**Directions**
Will you output the entries below exactly, skipping every image they contain?

Collected data entries
==*==

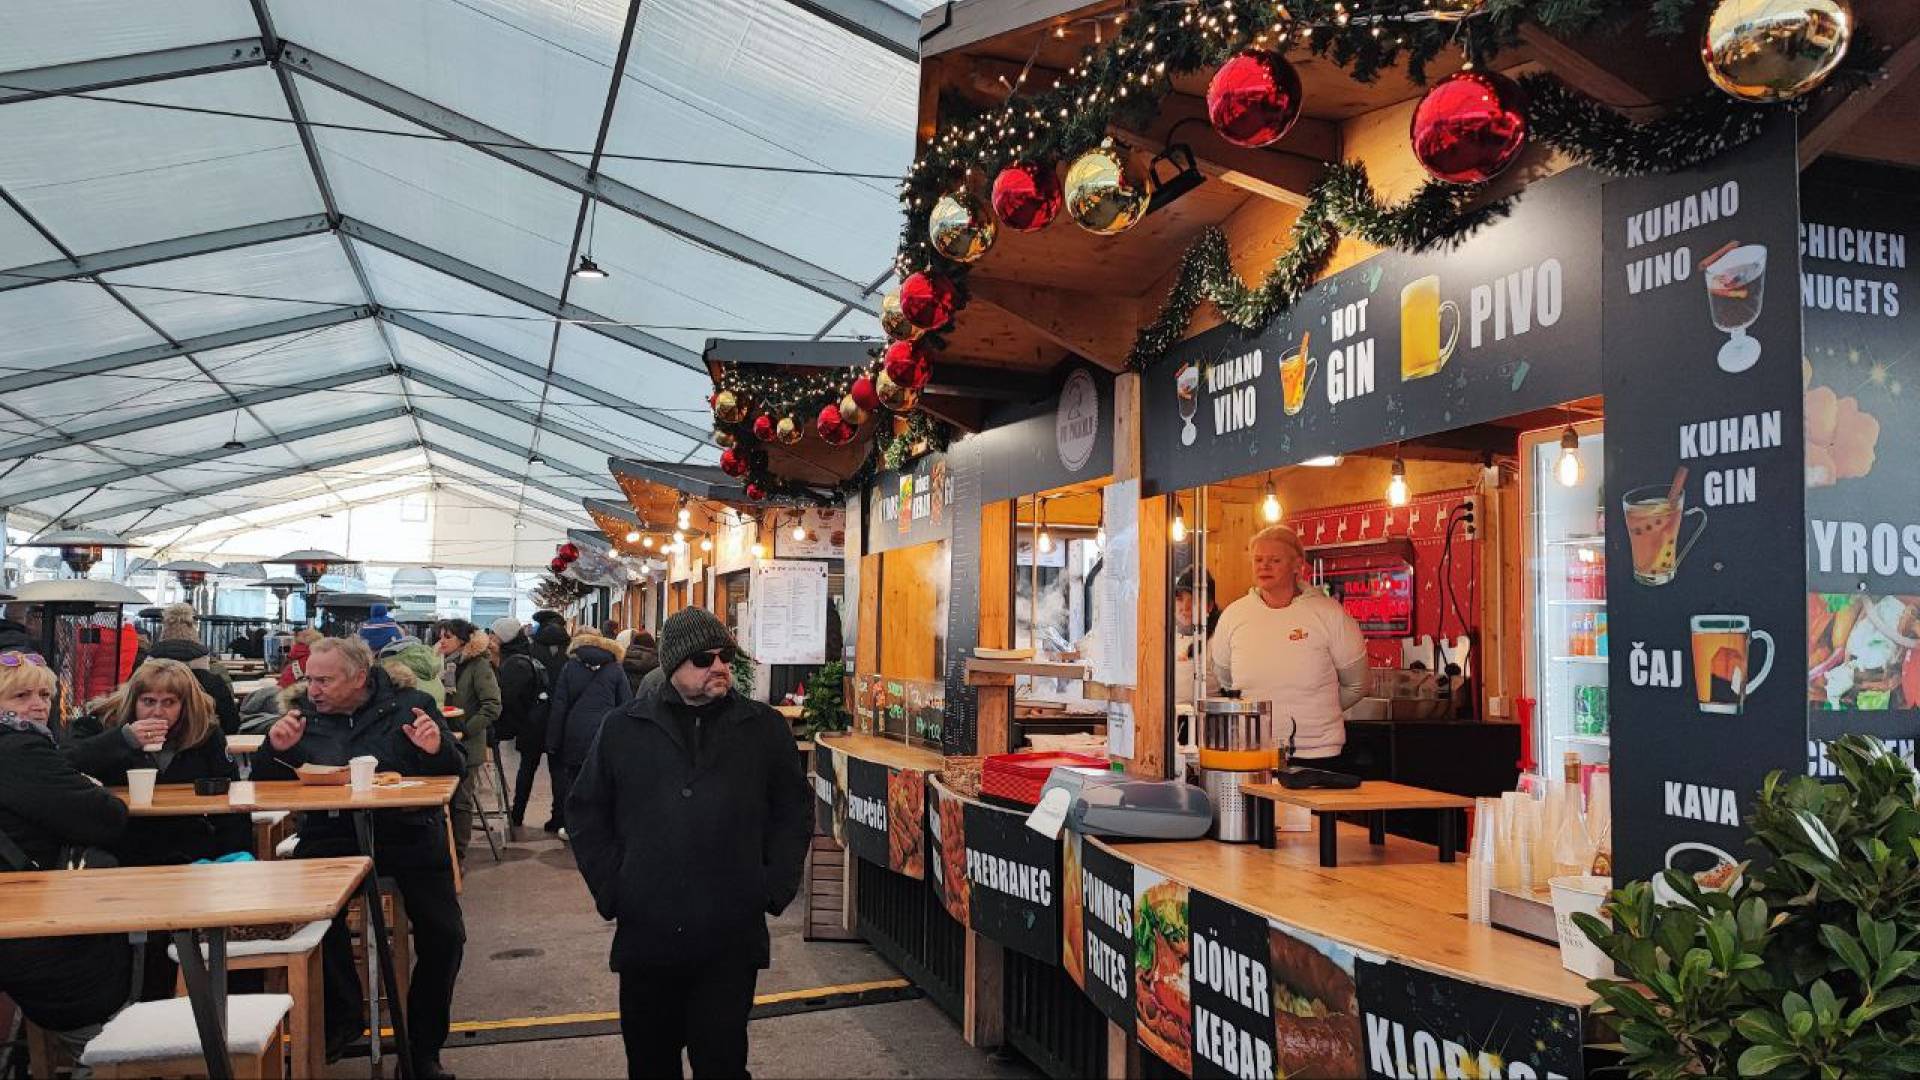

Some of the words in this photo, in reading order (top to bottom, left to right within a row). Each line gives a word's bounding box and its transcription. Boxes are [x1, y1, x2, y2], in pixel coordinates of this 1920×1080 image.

[1627, 181, 1740, 249] KUHANO
[1626, 247, 1691, 295] VINO
[1801, 273, 1900, 317] NUGETS
[1331, 298, 1369, 343] HOT
[1471, 258, 1562, 349] PIVO
[1208, 348, 1262, 394] KUHANO
[1327, 338, 1375, 404] GIN
[1214, 385, 1256, 435] VINO
[1680, 410, 1781, 460] KUHAN
[1704, 466, 1756, 507] GIN
[1629, 641, 1683, 688] ČAJ
[1664, 780, 1740, 827] KAVA
[966, 847, 1051, 907] PREBRANEC
[1082, 867, 1132, 940] POMMES
[1087, 929, 1128, 1000] FRITES
[1193, 926, 1270, 1018] DÖNER
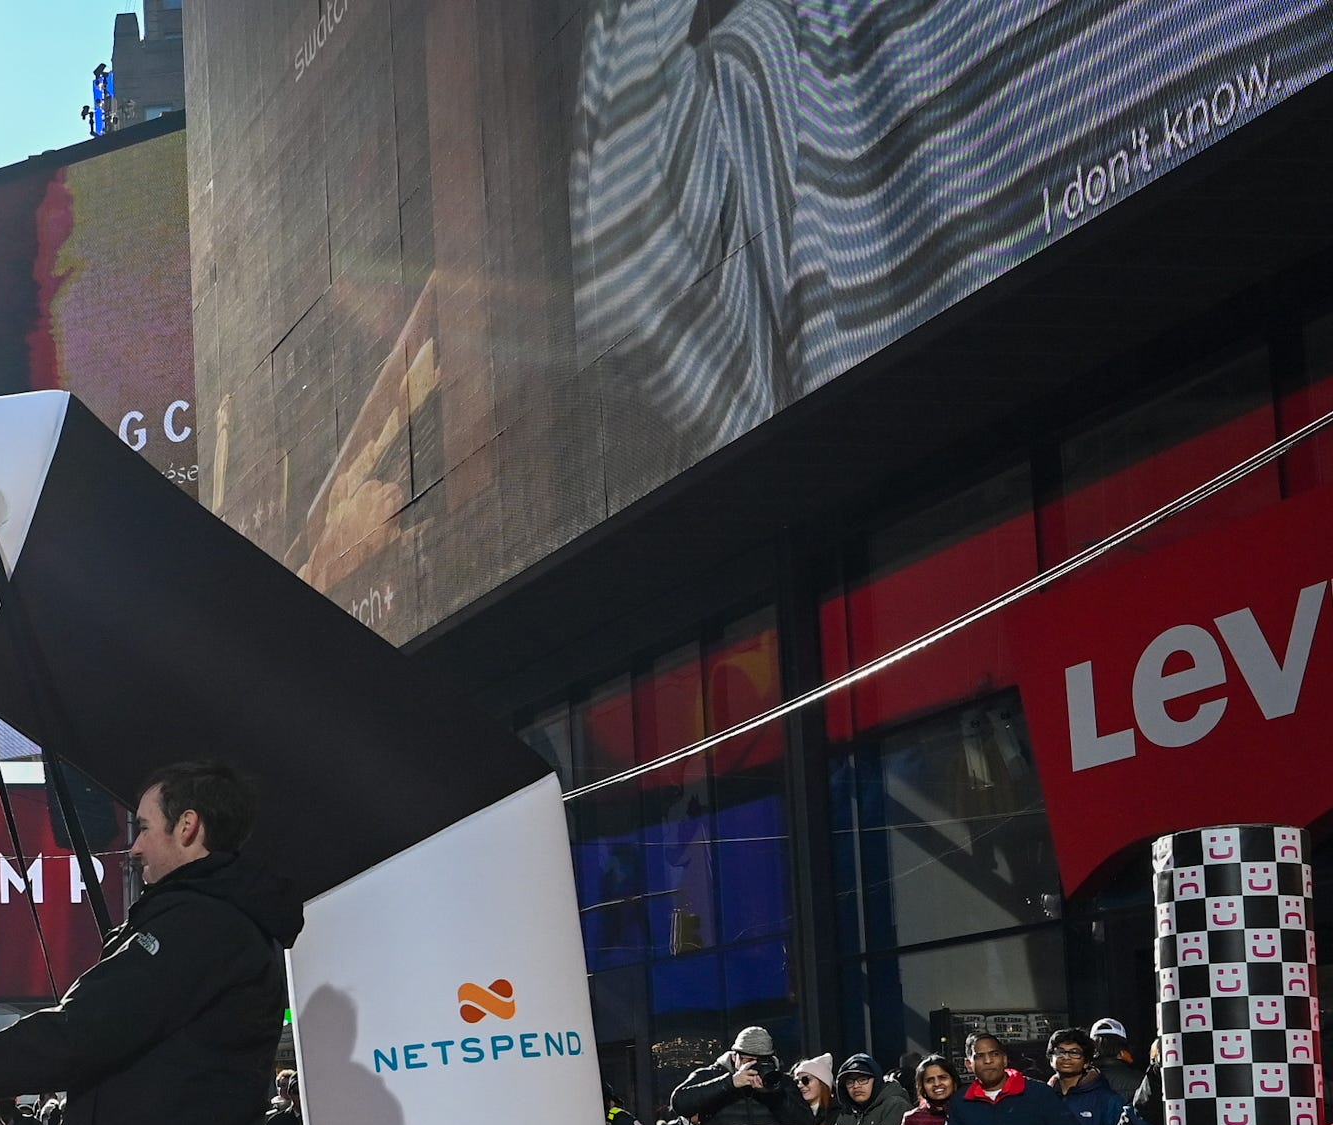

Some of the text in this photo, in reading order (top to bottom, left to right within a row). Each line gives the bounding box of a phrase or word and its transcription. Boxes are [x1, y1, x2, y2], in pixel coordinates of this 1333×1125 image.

[294, 0, 348, 82] swatc
[1043, 54, 1283, 235] I don't know.
[161, 463, 199, 484] ése
[1064, 578, 1333, 773] Lev
[373, 1030, 582, 1074] NETSPEND

==*==

**Exercise solution**
Some of the words in this photo, in reading order (top to bottom, left to right within a row). Each line gives a word's bounding box and its transcription. Boxes are [x1, y1, x2, y2], in pixel coordinates of this 1920×1080 image.

[1627, 181, 1740, 249] KUHANO
[1626, 247, 1691, 295] VINO
[1801, 273, 1900, 317] NUGETS
[1331, 298, 1369, 343] HOT
[1471, 258, 1562, 349] PIVO
[1208, 348, 1262, 394] KUHANO
[1327, 338, 1375, 404] GIN
[1214, 385, 1256, 435] VINO
[1680, 410, 1781, 460] KUHAN
[1704, 466, 1756, 507] GIN
[1629, 641, 1683, 688] ČAJ
[1664, 780, 1740, 827] KAVA
[966, 847, 1051, 907] PREBRANEC
[1082, 867, 1132, 940] POMMES
[1087, 929, 1128, 1000] FRITES
[1193, 926, 1270, 1018] DÖNER

Some of the text in this photo, in reading order (top to bottom, left to right within a row). Each line gives the bounding box of a phrase or word and its transcription. Boxes are [x1, y1, x2, y2], in pixel coordinates of this 1333×1125 image.

[294, 0, 348, 82] swatc
[1043, 54, 1283, 235] I don't know.
[161, 463, 199, 484] ése
[1064, 578, 1333, 773] Lev
[373, 1030, 582, 1074] NETSPEND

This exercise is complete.